▶ [Description of the task]: The result should be a verbatim copy of the whole listing.

*** Opening of Records supplied ***

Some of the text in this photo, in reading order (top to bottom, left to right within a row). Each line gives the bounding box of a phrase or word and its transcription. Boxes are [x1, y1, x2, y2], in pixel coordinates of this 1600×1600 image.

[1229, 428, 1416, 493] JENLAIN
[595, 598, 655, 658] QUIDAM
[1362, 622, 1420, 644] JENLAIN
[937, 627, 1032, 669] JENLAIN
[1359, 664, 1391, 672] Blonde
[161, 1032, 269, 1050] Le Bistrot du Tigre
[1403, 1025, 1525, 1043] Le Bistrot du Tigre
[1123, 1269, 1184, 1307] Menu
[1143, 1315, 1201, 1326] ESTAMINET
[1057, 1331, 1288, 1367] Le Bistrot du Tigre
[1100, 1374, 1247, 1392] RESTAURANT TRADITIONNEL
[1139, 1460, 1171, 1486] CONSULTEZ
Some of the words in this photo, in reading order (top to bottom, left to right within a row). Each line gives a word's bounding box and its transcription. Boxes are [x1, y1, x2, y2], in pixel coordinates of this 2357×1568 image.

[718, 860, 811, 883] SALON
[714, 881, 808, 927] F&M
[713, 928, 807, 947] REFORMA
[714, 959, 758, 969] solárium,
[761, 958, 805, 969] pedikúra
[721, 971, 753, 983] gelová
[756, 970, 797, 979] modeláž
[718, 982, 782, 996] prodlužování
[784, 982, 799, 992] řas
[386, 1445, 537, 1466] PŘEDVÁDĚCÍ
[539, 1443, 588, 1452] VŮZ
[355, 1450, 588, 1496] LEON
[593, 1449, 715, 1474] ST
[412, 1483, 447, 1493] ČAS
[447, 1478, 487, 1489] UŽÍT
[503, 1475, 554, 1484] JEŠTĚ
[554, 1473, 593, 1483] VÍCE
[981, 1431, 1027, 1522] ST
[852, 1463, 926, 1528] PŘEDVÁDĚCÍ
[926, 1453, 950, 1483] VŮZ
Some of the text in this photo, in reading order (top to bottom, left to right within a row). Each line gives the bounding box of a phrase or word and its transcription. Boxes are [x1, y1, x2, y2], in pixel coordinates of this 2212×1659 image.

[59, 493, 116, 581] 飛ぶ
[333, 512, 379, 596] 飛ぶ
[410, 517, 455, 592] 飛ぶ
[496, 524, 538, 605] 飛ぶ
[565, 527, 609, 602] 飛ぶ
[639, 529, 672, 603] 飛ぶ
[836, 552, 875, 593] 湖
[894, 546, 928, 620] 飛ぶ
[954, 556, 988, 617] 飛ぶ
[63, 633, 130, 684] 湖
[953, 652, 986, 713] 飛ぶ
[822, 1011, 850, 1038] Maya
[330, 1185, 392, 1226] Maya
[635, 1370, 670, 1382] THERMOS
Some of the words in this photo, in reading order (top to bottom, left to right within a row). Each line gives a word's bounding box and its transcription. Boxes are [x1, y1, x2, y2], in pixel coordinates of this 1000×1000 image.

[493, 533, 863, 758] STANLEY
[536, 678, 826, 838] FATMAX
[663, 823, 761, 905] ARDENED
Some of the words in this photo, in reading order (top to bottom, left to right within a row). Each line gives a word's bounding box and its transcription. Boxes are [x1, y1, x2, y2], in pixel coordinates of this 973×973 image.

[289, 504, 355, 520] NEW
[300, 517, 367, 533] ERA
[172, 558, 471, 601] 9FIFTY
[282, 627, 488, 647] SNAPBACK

*** Close of Records supplied ***

▶ [Solution below]:
Some of the text in this photo, in reading order (top to bottom, left to right within a row). Each line gives the bounding box of a phrase or word and its transcription. Boxes are [x1, y1, x2, y2], in pixel coordinates of this 1600×1600 image.

[1229, 428, 1416, 493] JENLAIN
[595, 598, 655, 658] QUIDAM
[1362, 622, 1420, 644] JENLAIN
[937, 627, 1032, 669] JENLAIN
[1359, 664, 1391, 672] Blonde
[161, 1032, 269, 1050] Le Bistrot du Tigre
[1403, 1025, 1525, 1043] Le Bistrot du Tigre
[1123, 1269, 1184, 1307] Menu
[1143, 1315, 1201, 1326] ESTAMINET
[1057, 1331, 1288, 1367] Le Bistrot du Tigre
[1100, 1374, 1247, 1392] RESTAURANT TRADITIONNEL
[1139, 1460, 1171, 1486] CONSULTEZ
Some of the words in this photo, in reading order (top to bottom, left to right within a row). Each line gives a word's bounding box and its transcription. Boxes are [x1, y1, x2, y2], in pixel coordinates of this 2357×1568 image.

[718, 860, 811, 883] SALON
[714, 881, 808, 927] F&M
[713, 928, 807, 947] REFORMA
[714, 959, 758, 969] solárium,
[761, 958, 805, 969] pedikúra
[721, 971, 753, 983] gelová
[756, 970, 797, 979] modeláž
[718, 982, 782, 996] prodlužování
[784, 982, 799, 992] řas
[386, 1445, 537, 1466] PŘEDVÁDĚCÍ
[539, 1443, 588, 1452] VŮZ
[355, 1450, 588, 1496] LEON
[593, 1449, 715, 1474] ST
[412, 1483, 447, 1493] ČAS
[447, 1478, 487, 1489] UŽÍT
[503, 1475, 554, 1484] JEŠTĚ
[554, 1473, 593, 1483] VÍCE
[981, 1431, 1027, 1522] ST
[852, 1463, 926, 1528] PŘEDVÁDĚCÍ
[926, 1453, 950, 1483] VŮZ
Some of the text in this photo, in reading order (top to bottom, left to right within a row). Each line gives the bounding box of a phrase or word and its transcription. Boxes are [x1, y1, x2, y2], in pixel coordinates of this 2212×1659 image.

[59, 493, 116, 581] 飛ぶ
[333, 512, 379, 596] 飛ぶ
[410, 517, 455, 592] 飛ぶ
[496, 524, 538, 605] 飛ぶ
[565, 527, 609, 602] 飛ぶ
[639, 529, 672, 603] 飛ぶ
[836, 552, 875, 593] 湖
[894, 546, 928, 620] 飛ぶ
[954, 556, 988, 617] 飛ぶ
[63, 633, 130, 684] 湖
[953, 652, 986, 713] 飛ぶ
[822, 1011, 850, 1038] Maya
[330, 1185, 392, 1226] Maya
[635, 1370, 670, 1382] THERMOS
Some of the words in this photo, in reading order (top to bottom, left to right within a row). Each line gives a word's bounding box and its transcription. Boxes are [x1, y1, x2, y2], in pixel coordinates of this 1000×1000 image.

[493, 533, 863, 758] STANLEY
[536, 678, 826, 838] FATMAX
[663, 823, 761, 905] ARDENED
Some of the words in this photo, in reading order (top to bottom, left to right within a row). Each line gives a word's bounding box and its transcription. Boxes are [x1, y1, x2, y2], in pixel coordinates of this 973×973 image.

[289, 504, 355, 520] NEW
[300, 517, 367, 533] ERA
[172, 558, 471, 601] 9FIFTY
[282, 627, 488, 647] SNAPBACK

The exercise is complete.